Stuart v. Sargent

186 N.E. 649, 283 Mass. 536, 1933 Mass. LEXIS 1027
CourtMassachusetts Supreme Judicial Court
DecidedJuly 1, 1933
StatusPublished
Cited by42 cases

This text of 186 N.E. 649 (Stuart v. Sargent) is published on Counsel Stack Legal Research, covering Massachusetts Supreme Judicial Court primary law. Counsel Stack provides free access to over 12 million legal documents including statutes, case law, regulations, and constitutions.

Bluebook
Stuart v. Sargent, 186 N.E. 649, 283 Mass. 536, 1933 Mass. LEXIS 1027 (Mass. 1933).

Opinion

Lummus, J.

The plaintiffs having waived their claim, made in their bill, to fifty shares of stock of the American Telephone and Telegraph Company, the only question argued is whether the defendant can maintain his counterclaim, included in his answer under Rule 32 of the Superior Court (1932), for the amount of dividends received by the plaintiffs on that stock while it stood on the books of the corporation in the names of the plaintiffs.
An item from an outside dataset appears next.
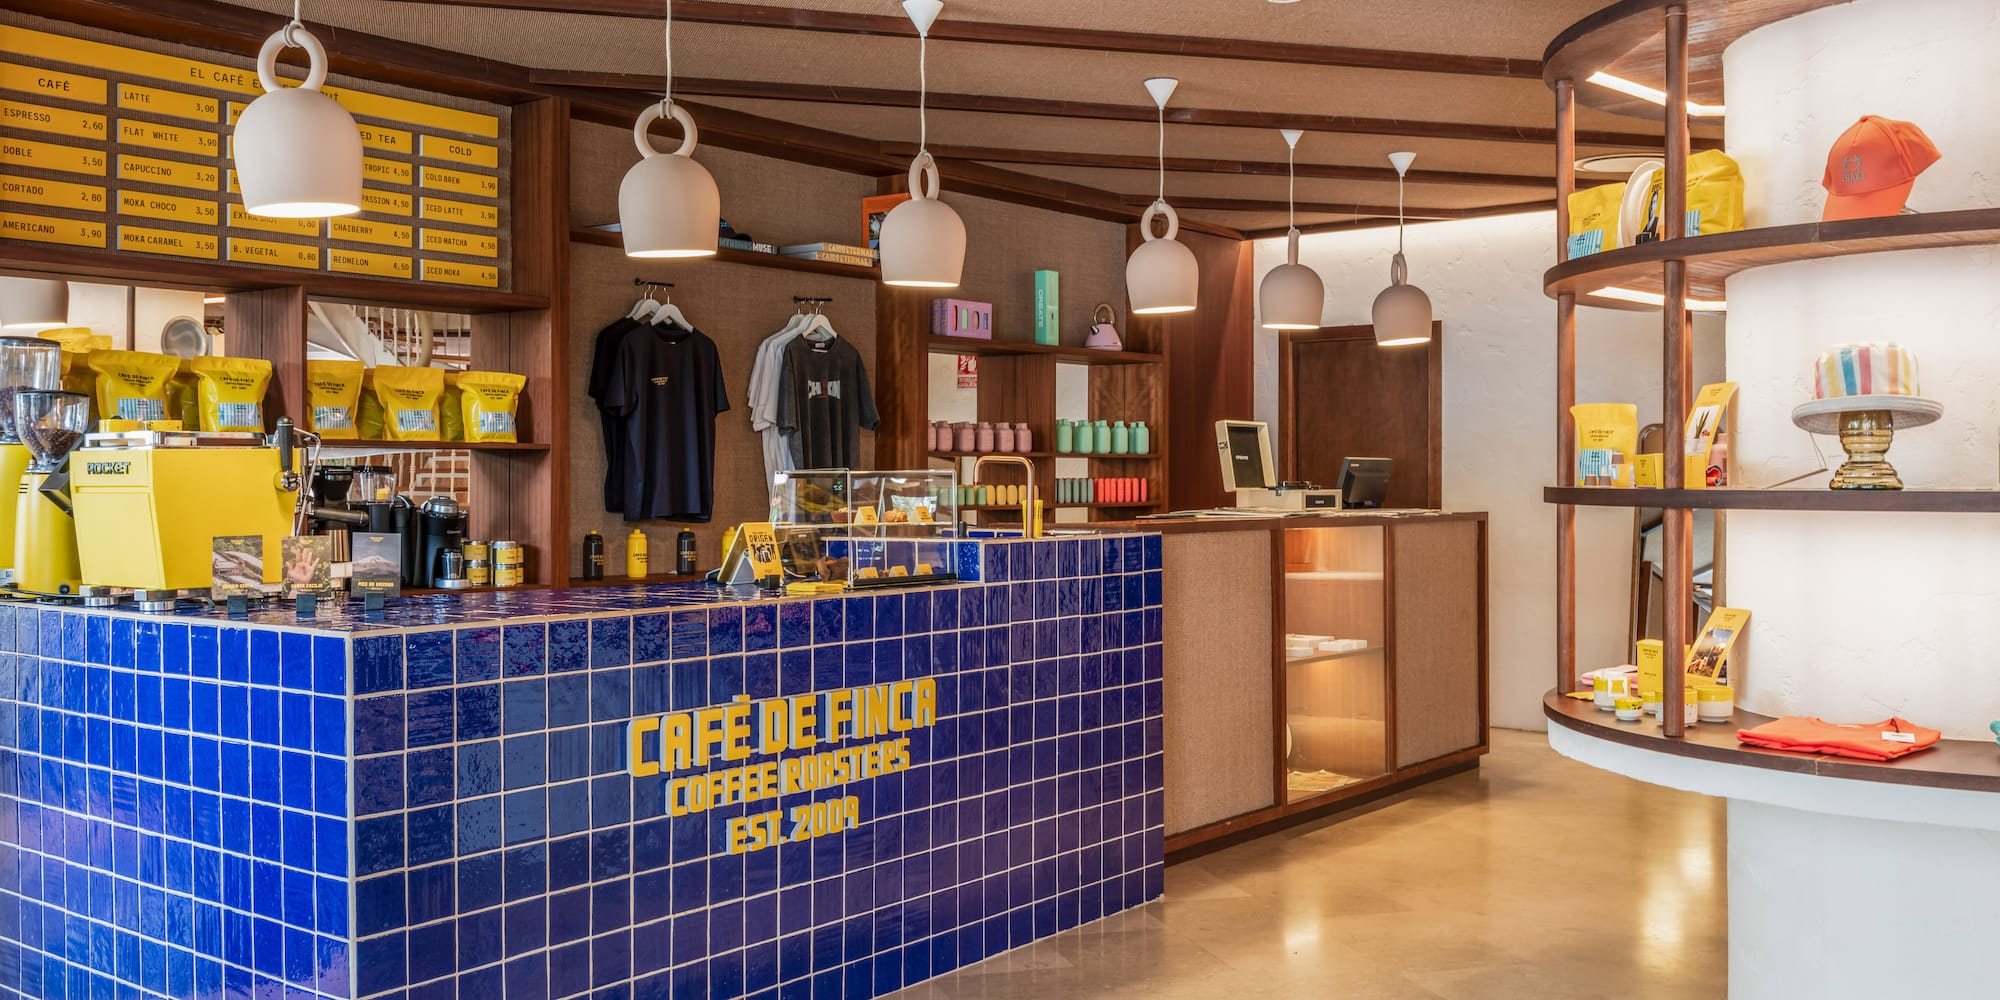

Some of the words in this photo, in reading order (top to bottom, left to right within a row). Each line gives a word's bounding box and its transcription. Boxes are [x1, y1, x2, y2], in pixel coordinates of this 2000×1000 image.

The plaintiffs had a margin account with the banking and brokerage firm of Curtis and Sanger, and as security therefor the firm held two certificates of said stock, of forty-four shares and six shares respectively, in the names of the plaintiffs and indorsed by them in blank. So far as appears the plaintiffs owned no other stock in that com-[538]*538pony. Between September 15, 1931, and September 22, 1931, the firm sold for the account of the plaintiffs upon their order fifty shares of said stock for the net price of $7,091.38, which sum was then and still remains credited to the account of the plaintiffs, according to the books of the firm and to statements then sent to the plaintiffs. This credit extinguished the indebtedness of the plaintiffs to the firm, and gave the plaintiffs a net credit balance of $950.40. The firm never delivered the certificates to the purchaser, who like the firm was a member of the Boston Stock Exchange, because it was found that their accounts were in balance without such delivery. The firm, therefore, had the right to retain the fifty shares.

The defendant was entitled to receive from the firm one hundred twenty-five shares of stock of said company, among other securities, which had been bought by him in June, 1931, through the firm, and fully paid for. On September 24, 1931, the defendant directed the firm to have all the securities transferred into his name. As to the one hundred twenty-five shares, the firm did not have the shares transferred, but did segregate certificates of said stock to the amount of one hundred twenty-five shares and put them away, marked with the name of the defendant, in a special box which also was marked with the name of the defendant. Two of the certificates so segregated, marked and put away were the certificates in the names of the plaintiffs, already described.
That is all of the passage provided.